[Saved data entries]
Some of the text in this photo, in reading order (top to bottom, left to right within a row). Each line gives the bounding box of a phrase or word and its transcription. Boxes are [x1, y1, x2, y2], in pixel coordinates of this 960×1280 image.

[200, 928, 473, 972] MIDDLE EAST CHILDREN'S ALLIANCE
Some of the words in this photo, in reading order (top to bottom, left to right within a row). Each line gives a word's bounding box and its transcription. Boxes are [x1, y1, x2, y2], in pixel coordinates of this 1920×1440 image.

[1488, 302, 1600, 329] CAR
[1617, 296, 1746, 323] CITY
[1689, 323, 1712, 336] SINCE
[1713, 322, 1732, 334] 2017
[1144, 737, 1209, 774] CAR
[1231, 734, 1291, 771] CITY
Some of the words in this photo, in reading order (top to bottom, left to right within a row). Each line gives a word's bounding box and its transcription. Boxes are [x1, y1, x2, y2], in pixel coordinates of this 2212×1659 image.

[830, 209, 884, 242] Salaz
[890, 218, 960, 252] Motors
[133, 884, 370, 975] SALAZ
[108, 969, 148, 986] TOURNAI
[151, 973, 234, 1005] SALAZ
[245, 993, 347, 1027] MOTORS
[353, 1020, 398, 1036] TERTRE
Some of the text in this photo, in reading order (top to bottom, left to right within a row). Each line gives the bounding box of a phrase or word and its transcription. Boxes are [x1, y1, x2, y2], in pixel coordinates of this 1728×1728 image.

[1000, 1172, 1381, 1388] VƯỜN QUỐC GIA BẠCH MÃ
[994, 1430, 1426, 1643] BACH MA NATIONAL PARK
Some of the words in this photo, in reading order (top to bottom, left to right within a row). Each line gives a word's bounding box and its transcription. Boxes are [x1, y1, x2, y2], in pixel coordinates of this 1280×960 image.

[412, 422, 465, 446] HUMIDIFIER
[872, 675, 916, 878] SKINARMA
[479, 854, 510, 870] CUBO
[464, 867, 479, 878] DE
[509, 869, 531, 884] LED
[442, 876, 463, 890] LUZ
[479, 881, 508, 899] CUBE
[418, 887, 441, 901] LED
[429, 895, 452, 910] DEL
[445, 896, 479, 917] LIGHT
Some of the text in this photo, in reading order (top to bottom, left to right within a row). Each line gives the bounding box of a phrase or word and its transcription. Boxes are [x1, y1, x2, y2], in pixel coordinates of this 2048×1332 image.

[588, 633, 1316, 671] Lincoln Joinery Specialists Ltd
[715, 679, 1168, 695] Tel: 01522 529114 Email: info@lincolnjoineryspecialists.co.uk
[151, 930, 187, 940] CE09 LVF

- [Problem to solve]
The answer should consist of the lines from the one with "this 2048×1332 image." through the last line of the entries, duplicated exactly and nothing more.

- [Task answer]
Some of the text in this photo, in reading order (top to bottom, left to right within a row). Each line gives the bounding box of a phrase or word and its transcription. Boxes are [x1, y1, x2, y2], in pixel coordinates of this 2048×1332 image.

[588, 633, 1316, 671] Lincoln Joinery Specialists Ltd
[715, 679, 1168, 695] Tel: 01522 529114 Email: info@lincolnjoineryspecialists.co.uk
[151, 930, 187, 940] CE09 LVF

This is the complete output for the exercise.